TERMOLI. Stop a falò e bivacchi sulle spiagge cittadine per tutto il mese di agosto. Con l’ordinanza sindacale n. 250 del 29 luglio 2025, il primo cittadino Nicola Antonio Balice ha disposto il divieto di accendere fuochi, campeggiare e lasciare residui di qualsiasi genere sugli arenili di competenza comunale, in vigore dalle festività di San Basso fino al 31 agosto.
La decisione arriva alla vigilia delle celebrazioni patronali e in vista del Ferragosto, periodi tradizionalmente caratterizzati dall’accensione di falò, soprattutto lungo il litorale sud. “L’accensione dei fuochi sull’arenile rappresenta un danno per l’ambiente e può essere pericolosa in prossimità di stabilimenti balneari e abitazioni”, si legge nell’ordinanza.
Il provvedimento cita anche i problemi di sicurezza e igiene registrati in passato, legati non solo ai fuochi ma anche all’abbandono indiscriminato di rifiuti e bottiglie di vetro sulla sabbia. Per questo il Comune vieta espressamente:
- di detenere legna, carbonella o materiali utili all’accensione di fuochi;
- di campeggiare o accendere falò;
- di abbandonare residui organici e non, con particolare attenzione al vetro.

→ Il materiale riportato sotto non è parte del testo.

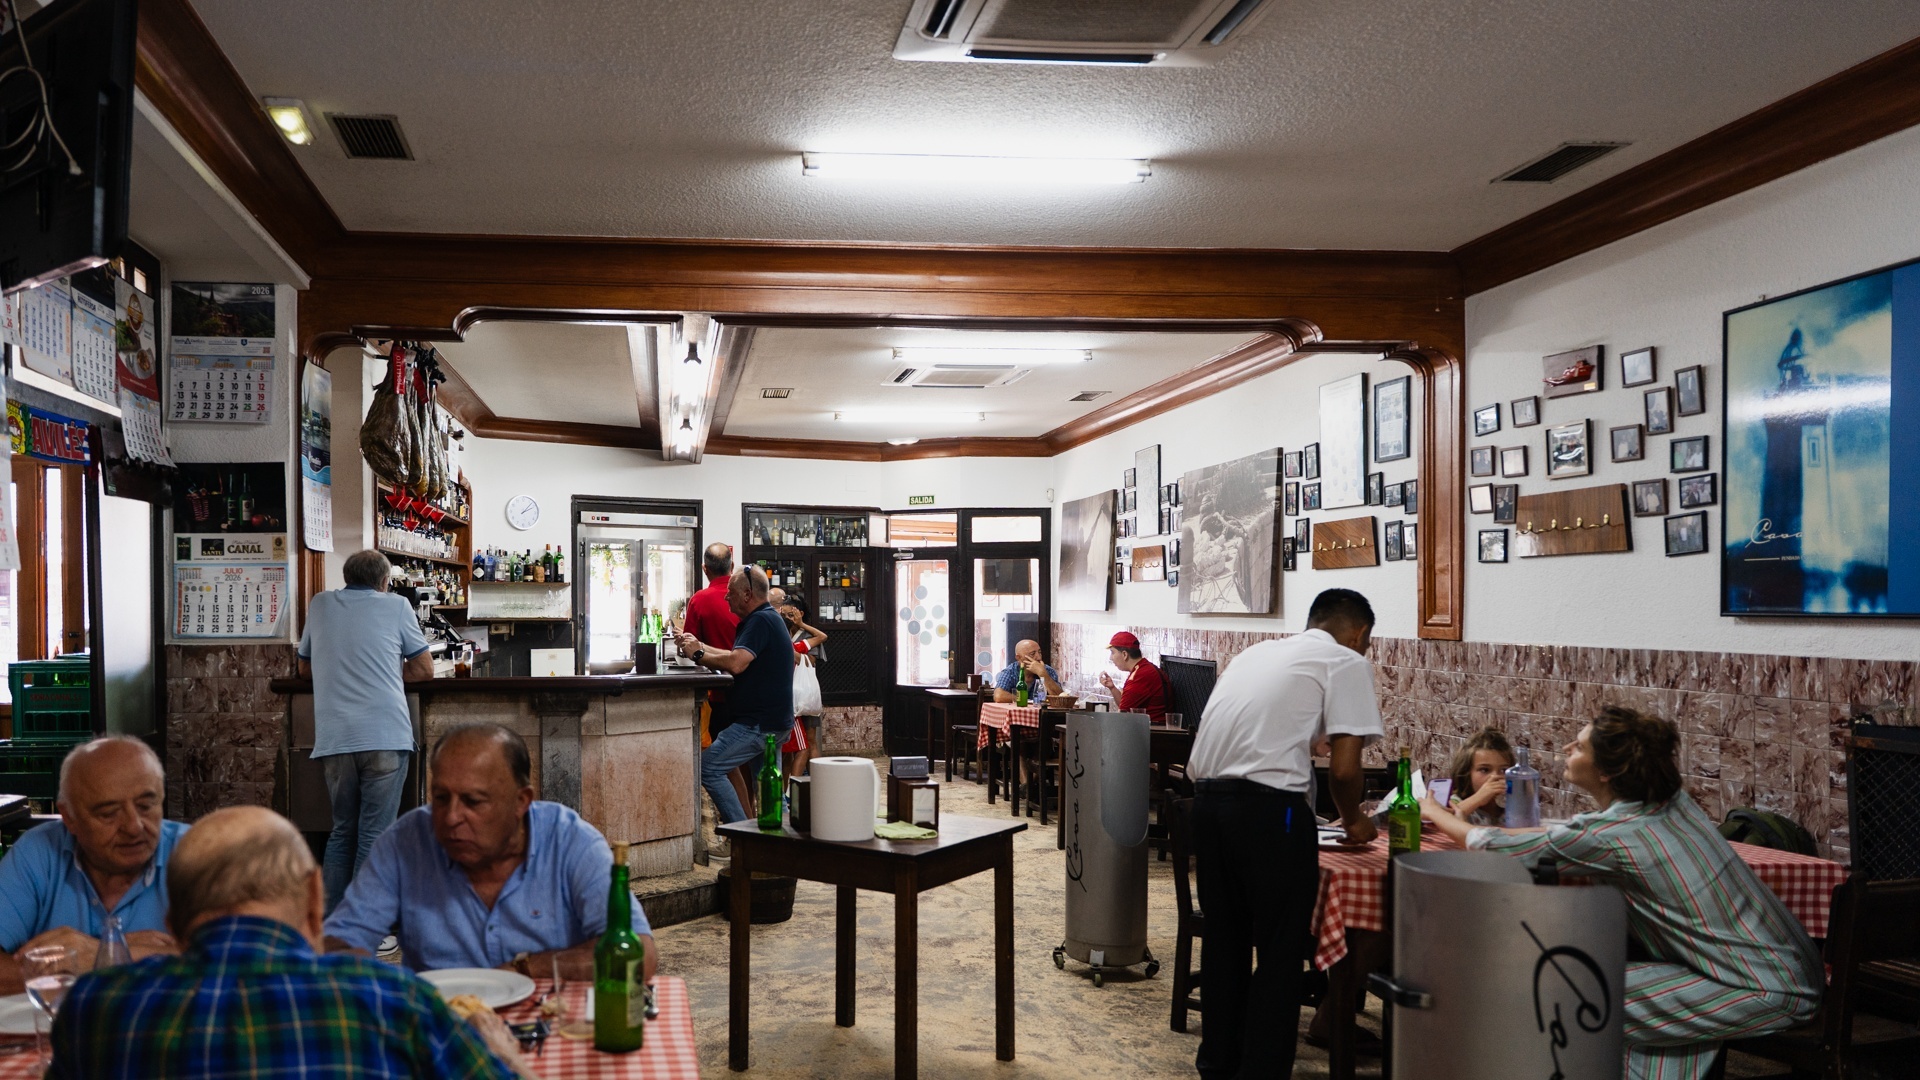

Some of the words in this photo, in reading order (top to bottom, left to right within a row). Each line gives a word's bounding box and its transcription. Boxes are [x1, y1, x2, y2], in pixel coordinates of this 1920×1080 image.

La violazione dell’ordinanza comporterà sanzioni amministrative da 25 a 500 euro, come previsto dall’art. 7 bis del D.Lgs. 267/2000. I controlli saranno affidati alla Polizia Locale e alle forze dell’ordine.
Balice invita al rispetto delle regole: “Il divieto mira a garantire sicurezza, tutela ambientale e decoro delle nostre spiagge in un periodo di grande affluenza turistica”.